• _Problem requirements_:
The records that follow should be returned exactly, pictures excluded.

• _Saved data entries_:
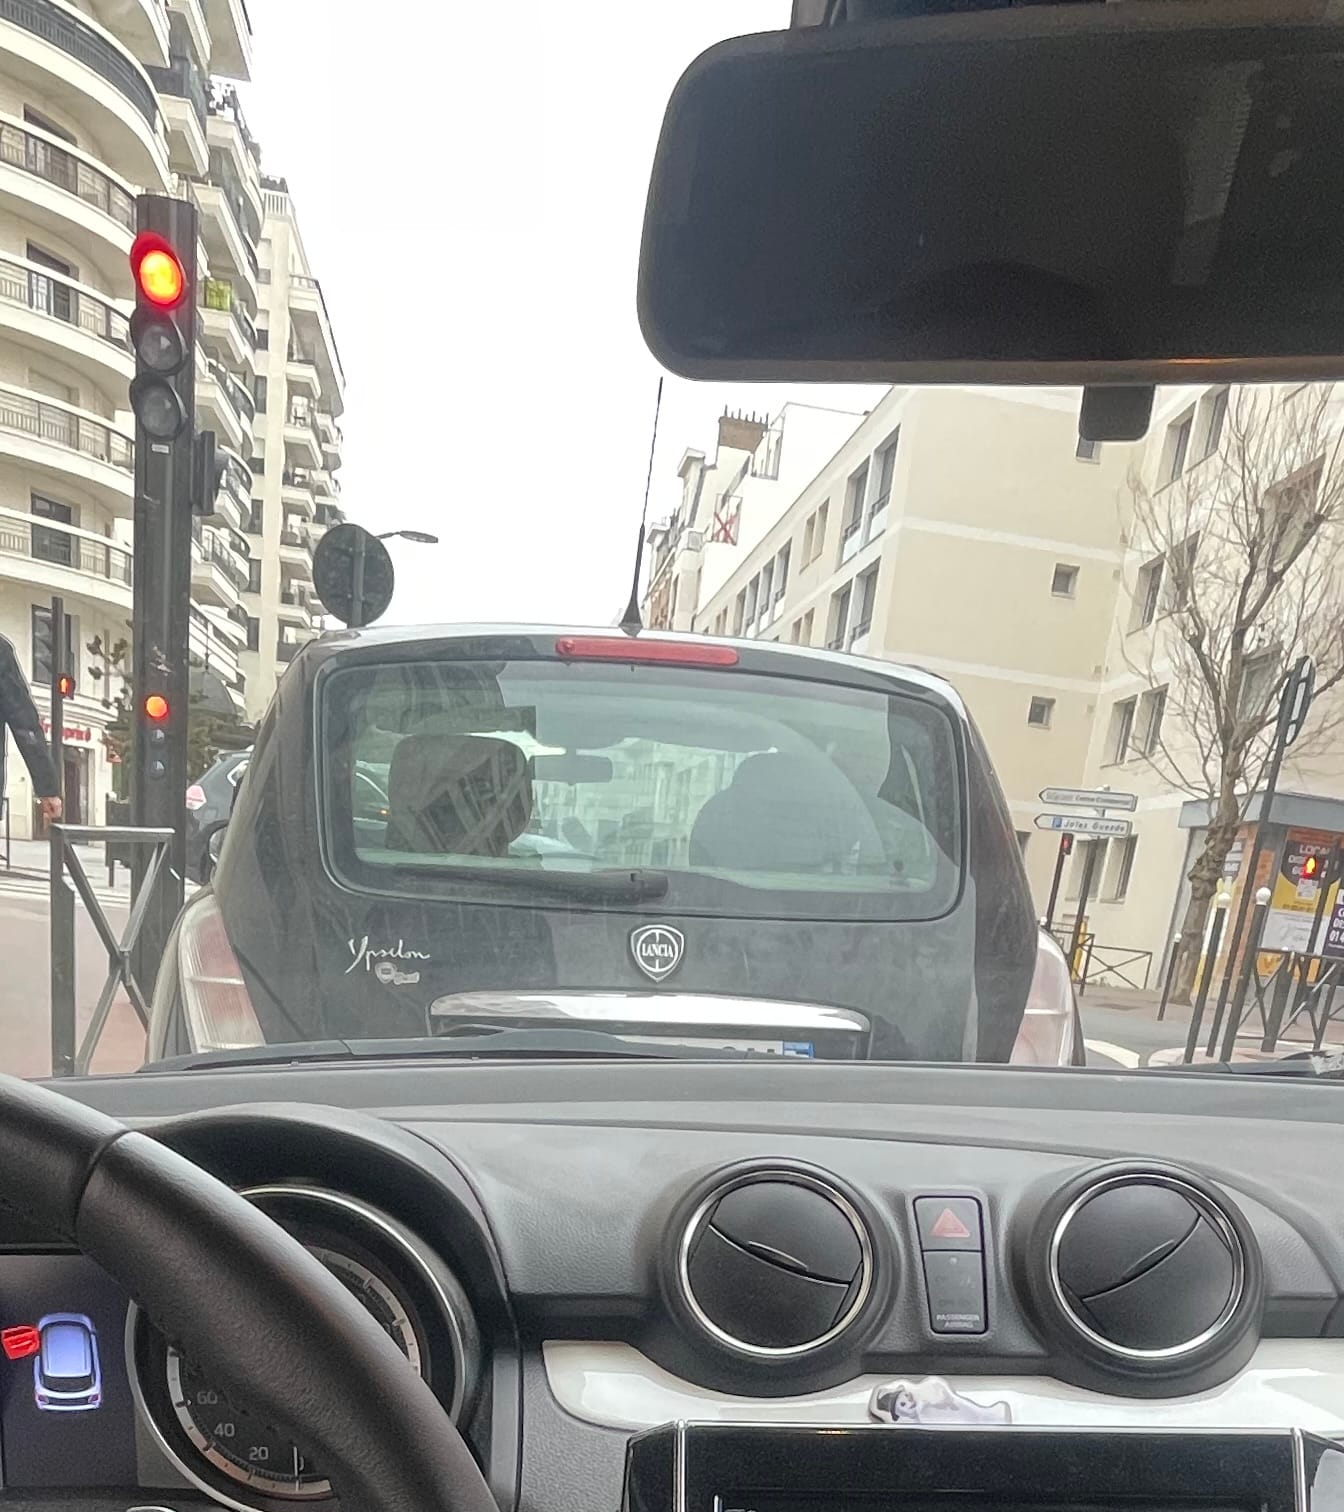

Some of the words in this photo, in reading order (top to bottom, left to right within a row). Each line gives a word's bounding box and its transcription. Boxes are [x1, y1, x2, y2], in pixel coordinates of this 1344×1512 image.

[344, 935, 431, 975] Ypsilon
[641, 942, 674, 958] LANCIA
[196, 1390, 219, 1405] 60
[213, 1422, 236, 1438] 40
[248, 1446, 270, 1461] 20
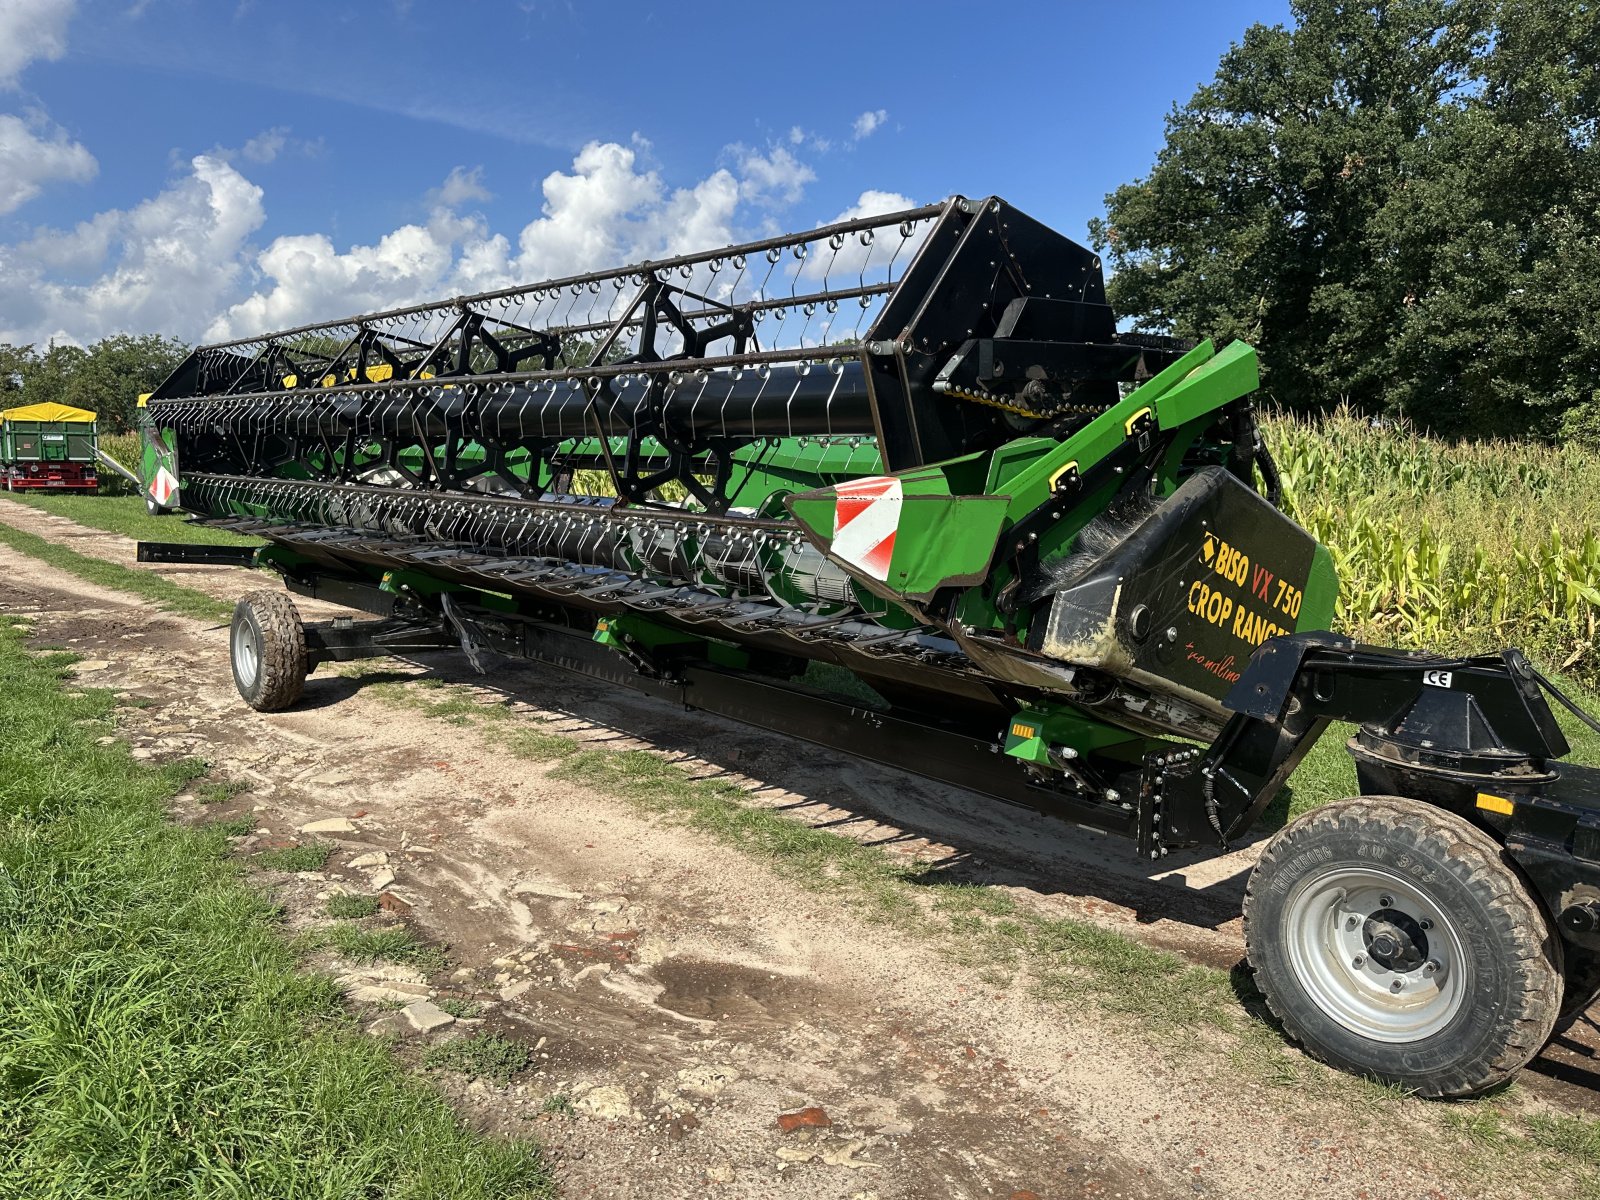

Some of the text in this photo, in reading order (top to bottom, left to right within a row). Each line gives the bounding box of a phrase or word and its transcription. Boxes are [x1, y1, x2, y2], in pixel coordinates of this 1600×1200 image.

• _Solution below_:
Some of the words in this photo, in reading order (top to bottom, left to right within a row). Each line gives a word's bounding box and its transcription. Boxes are [x1, y1, x2, y2], in pixel coordinates of this 1344×1512 image.

[344, 935, 431, 975] Ypsilon
[641, 942, 674, 958] LANCIA
[196, 1390, 219, 1405] 60
[213, 1422, 236, 1438] 40
[248, 1446, 270, 1461] 20

Some of the text in this photo, in reading order (top to bottom, left to right within a row). Each line gives the bounding box of a phrase or word and its transcription. Boxes are [x1, y1, x2, y2], in pixel coordinates of this 1600×1200 image.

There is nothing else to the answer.